La question de l’âge de la retraite va plus loin que quelques mois de plus à bosser, elle pose le problème de la place de l’Homme dans la société. La société veut-elle épanouir les êtres qui la composent ou avons-nous fini par conclure que la société ne fait plus qu’un avec les hommes qui la composent ? Dans le premier cas, repousser l’âge de la retraite va à l’encontre de l’épanouissement personnel, et la société ne verrait l’Homme que par ce qu’il lui rapporte ; Dans la seconde hypothèse, l’individu ne serait plus une priorité pour la société, cette dernière n’existant que par la somme des individus, elle ne voit pas d’intérêt à se préoccuper du bien-être des uns puisque elle n’existe que par l’addition de tous.

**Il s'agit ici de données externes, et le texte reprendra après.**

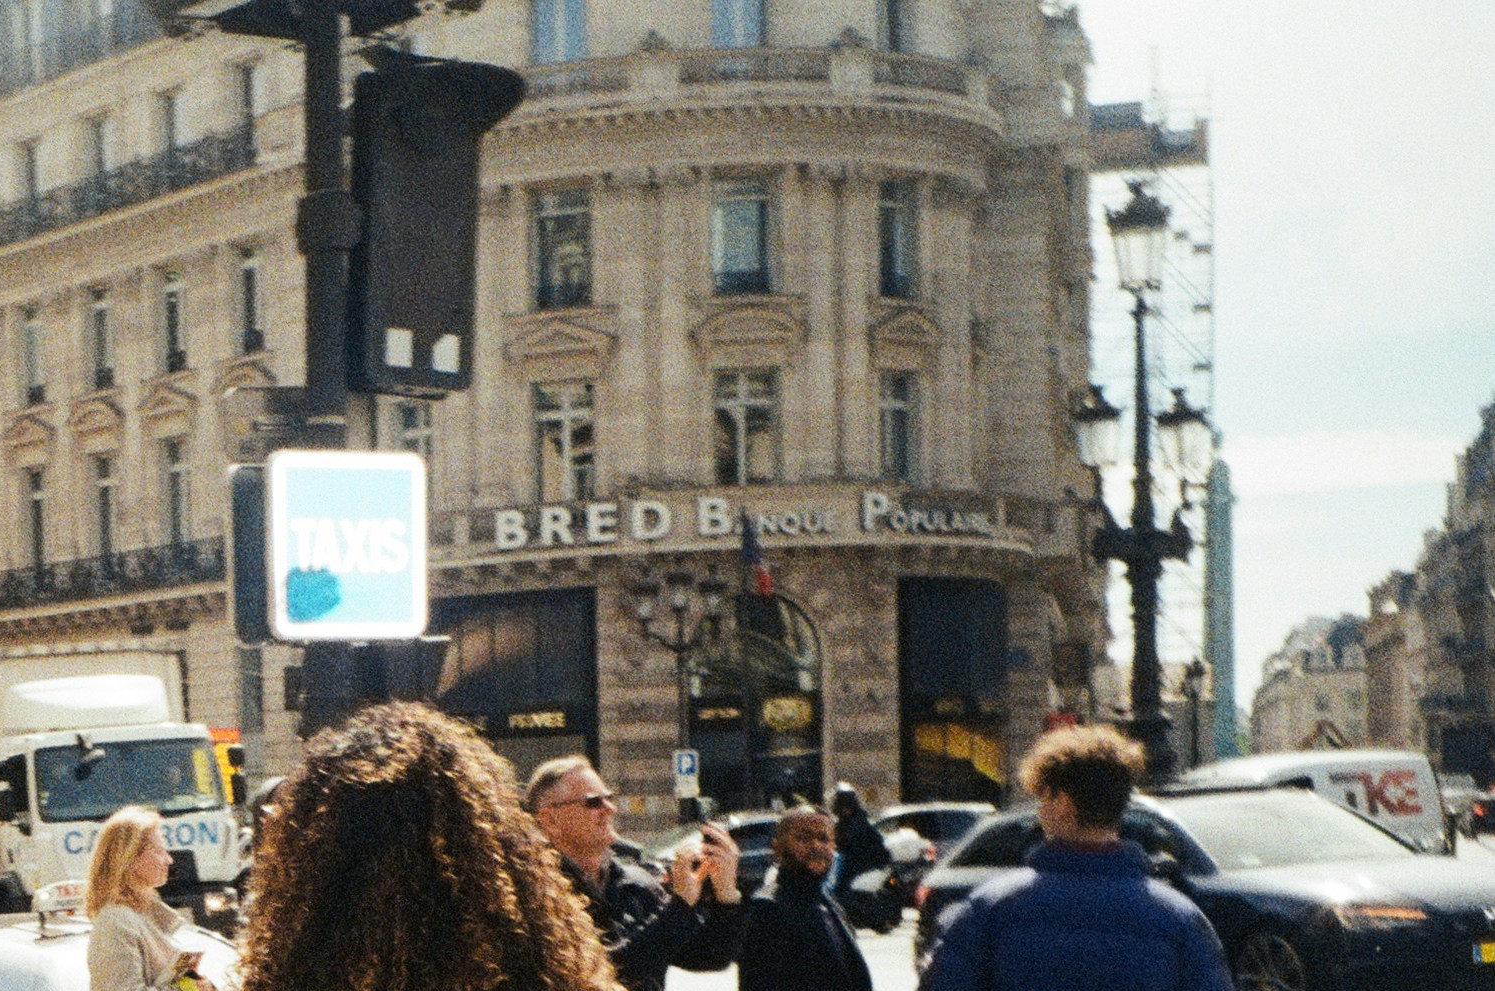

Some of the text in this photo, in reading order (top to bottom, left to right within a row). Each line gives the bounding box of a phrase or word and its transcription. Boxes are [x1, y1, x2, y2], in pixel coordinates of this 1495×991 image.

[291, 517, 410, 573] TAXIS
[494, 500, 671, 549] BRED
[697, 497, 837, 537] BNQUE

Ces derniers temps, la droite ne cesse de nous parler d’un « mai 68 » de droite. C’est amusant et un chouïa pathétique autant de rancœur ! La droite parle des « valeurs perdues », du « rejet de l’autorité »… et de toutes les petites merdes qui dataient d’un monde moisi. Or, le débat sur l’âge de la retraite est un abandon d’un des rêves de mai 68 : donner à l’Homme le moyen d’avoir une vie riche, et de ne pas être qu’une marchandise. Alors, à cette droite qui se titille la nouille en imaginant un « mai 68 de droite », disons-leur en connaissance de cause que, malheureusement, un « mai 68 », ça ne dure qu’un mois.